▶ RECORDS SHOWN
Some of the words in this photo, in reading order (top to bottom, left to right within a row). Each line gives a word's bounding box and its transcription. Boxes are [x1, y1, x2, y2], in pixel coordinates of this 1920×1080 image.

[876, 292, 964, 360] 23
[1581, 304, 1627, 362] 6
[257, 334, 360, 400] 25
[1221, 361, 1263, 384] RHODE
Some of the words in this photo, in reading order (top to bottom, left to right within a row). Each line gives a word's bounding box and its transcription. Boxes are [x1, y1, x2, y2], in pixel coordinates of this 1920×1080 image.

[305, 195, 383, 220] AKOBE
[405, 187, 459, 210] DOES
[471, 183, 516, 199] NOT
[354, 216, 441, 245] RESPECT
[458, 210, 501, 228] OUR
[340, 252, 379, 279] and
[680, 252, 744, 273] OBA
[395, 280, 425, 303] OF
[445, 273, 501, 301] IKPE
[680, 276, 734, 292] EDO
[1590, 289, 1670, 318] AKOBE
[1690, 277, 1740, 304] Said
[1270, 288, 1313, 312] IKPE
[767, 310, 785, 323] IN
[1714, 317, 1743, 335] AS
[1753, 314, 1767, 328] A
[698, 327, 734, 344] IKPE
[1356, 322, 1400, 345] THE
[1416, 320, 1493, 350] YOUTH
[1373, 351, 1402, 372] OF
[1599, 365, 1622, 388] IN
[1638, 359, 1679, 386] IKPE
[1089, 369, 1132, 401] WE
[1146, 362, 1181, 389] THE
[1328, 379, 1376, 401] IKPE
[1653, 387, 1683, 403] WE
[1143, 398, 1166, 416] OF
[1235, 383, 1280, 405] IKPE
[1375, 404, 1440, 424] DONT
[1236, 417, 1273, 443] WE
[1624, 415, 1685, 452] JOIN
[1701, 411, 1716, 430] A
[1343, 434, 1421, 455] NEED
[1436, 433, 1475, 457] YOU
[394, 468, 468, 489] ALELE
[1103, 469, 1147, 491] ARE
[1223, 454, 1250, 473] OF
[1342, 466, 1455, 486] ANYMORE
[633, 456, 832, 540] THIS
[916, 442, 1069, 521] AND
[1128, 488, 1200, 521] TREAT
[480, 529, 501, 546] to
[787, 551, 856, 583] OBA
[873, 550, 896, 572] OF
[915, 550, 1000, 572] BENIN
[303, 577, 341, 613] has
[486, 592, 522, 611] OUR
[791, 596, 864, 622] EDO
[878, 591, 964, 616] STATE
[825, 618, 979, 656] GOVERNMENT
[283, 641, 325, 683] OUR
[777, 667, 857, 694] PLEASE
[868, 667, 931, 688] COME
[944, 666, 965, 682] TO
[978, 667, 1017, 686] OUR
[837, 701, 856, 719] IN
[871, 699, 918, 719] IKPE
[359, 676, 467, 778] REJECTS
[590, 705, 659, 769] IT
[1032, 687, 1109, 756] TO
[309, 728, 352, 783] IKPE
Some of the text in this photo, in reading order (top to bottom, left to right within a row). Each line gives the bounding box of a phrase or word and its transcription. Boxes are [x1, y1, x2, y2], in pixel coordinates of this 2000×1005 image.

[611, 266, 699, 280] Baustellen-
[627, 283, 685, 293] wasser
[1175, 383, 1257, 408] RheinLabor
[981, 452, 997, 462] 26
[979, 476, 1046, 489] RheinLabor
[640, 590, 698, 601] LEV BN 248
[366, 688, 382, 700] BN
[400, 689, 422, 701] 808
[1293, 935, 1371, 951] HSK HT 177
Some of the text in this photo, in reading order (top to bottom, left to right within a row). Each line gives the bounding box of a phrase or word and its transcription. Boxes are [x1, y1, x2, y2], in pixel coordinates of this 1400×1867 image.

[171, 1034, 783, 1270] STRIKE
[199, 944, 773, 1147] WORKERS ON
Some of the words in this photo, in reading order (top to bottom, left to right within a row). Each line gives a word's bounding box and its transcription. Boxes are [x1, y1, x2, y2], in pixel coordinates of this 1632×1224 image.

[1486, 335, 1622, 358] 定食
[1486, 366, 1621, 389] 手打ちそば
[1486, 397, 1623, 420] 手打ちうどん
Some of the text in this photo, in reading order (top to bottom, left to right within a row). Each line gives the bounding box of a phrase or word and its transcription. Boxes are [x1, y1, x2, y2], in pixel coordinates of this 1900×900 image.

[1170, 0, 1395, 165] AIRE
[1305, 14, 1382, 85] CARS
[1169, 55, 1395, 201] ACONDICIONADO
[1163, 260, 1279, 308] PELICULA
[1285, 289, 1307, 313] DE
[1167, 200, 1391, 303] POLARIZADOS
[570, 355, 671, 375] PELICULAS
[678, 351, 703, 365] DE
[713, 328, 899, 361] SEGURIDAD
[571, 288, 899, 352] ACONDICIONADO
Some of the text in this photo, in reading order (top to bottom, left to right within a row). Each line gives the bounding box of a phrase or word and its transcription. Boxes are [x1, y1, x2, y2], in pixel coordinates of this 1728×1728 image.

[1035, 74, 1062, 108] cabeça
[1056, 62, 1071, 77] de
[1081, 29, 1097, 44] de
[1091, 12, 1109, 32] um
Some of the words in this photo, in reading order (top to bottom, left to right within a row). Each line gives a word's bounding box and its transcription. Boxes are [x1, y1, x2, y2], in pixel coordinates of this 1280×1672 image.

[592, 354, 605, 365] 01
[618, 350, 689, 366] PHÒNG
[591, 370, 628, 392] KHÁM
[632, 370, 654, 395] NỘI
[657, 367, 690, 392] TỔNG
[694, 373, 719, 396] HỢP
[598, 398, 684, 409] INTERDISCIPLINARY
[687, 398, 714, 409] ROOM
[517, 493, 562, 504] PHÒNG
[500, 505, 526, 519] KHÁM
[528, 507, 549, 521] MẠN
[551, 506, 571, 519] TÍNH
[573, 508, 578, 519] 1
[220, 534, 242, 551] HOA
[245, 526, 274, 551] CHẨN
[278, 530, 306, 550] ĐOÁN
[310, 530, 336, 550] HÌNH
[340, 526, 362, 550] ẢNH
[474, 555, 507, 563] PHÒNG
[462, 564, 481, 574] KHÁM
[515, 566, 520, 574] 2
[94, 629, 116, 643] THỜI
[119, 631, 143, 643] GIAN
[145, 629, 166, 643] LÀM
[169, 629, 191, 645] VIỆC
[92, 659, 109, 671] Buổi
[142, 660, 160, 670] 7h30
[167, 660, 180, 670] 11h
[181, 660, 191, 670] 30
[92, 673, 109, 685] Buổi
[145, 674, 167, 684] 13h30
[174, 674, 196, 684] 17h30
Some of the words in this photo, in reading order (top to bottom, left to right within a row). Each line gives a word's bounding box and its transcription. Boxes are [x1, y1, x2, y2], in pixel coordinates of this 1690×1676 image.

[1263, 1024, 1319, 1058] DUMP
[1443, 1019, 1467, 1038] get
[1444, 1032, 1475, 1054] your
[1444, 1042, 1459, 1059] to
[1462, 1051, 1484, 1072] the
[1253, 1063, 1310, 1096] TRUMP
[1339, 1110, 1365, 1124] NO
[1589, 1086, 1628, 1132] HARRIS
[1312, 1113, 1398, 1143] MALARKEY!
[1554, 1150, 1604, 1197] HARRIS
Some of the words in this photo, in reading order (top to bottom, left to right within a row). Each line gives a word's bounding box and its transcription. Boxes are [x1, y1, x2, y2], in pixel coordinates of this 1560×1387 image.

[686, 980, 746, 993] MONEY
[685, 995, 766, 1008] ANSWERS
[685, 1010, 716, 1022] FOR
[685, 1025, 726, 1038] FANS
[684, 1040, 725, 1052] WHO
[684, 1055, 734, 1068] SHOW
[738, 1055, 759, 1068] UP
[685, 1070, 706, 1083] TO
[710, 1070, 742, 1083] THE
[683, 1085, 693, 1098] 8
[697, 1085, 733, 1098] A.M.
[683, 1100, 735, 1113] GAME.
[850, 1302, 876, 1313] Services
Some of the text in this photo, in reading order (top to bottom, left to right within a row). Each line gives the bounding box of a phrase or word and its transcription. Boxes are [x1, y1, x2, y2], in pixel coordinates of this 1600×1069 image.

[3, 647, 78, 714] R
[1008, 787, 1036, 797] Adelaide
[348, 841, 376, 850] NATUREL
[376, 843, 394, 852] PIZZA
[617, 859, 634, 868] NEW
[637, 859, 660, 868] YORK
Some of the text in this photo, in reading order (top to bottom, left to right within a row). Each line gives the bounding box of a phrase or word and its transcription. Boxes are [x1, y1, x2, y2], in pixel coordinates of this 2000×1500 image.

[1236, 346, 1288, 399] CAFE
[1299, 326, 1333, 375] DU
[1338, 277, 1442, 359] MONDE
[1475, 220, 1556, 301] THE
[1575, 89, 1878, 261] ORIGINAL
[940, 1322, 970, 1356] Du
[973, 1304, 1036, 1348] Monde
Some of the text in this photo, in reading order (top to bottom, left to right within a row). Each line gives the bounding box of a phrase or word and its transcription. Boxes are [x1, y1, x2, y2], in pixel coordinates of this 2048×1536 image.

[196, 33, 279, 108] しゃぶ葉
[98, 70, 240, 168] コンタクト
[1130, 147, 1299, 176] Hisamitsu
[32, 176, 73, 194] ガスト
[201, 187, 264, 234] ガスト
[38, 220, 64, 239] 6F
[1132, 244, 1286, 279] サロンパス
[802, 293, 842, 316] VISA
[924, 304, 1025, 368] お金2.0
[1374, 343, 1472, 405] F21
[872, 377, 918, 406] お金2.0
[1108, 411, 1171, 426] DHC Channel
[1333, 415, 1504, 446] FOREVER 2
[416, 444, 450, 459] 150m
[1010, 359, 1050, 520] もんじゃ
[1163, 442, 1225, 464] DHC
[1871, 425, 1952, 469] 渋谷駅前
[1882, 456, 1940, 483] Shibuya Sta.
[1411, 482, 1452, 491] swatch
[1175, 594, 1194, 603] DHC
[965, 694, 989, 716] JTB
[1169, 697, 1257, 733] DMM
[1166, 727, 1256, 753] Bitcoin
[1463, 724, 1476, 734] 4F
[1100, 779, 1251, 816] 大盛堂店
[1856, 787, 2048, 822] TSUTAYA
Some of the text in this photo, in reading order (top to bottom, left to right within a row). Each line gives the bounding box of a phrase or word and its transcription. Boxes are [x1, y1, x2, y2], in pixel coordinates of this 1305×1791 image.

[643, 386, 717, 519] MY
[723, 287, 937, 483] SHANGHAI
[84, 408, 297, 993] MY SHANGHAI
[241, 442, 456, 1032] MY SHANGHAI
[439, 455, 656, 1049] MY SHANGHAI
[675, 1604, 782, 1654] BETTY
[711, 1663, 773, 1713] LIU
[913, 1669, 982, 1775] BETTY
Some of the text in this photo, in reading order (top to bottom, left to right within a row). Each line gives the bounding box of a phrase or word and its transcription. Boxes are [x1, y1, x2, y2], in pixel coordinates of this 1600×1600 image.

▶ TASK GOAL
Word for word, repeat the lines from the one holding "this 1305×1791 image." through the last line of the entries, both included.

▶ OUTPUT
Some of the text in this photo, in reading order (top to bottom, left to right within a row). Each line gives the bounding box of a phrase or word and its transcription. Boxes are [x1, y1, x2, y2], in pixel coordinates of this 1305×1791 image.

[643, 386, 717, 519] MY
[723, 287, 937, 483] SHANGHAI
[84, 408, 297, 993] MY SHANGHAI
[241, 442, 456, 1032] MY SHANGHAI
[439, 455, 656, 1049] MY SHANGHAI
[675, 1604, 782, 1654] BETTY
[711, 1663, 773, 1713] LIU
[913, 1669, 982, 1775] BETTY
Some of the text in this photo, in reading order (top to bottom, left to right within a row). Each line gives the bounding box of a phrase or word and its transcription. Boxes are [x1, y1, x2, y2], in pixel coordinates of this 1600×1600 image.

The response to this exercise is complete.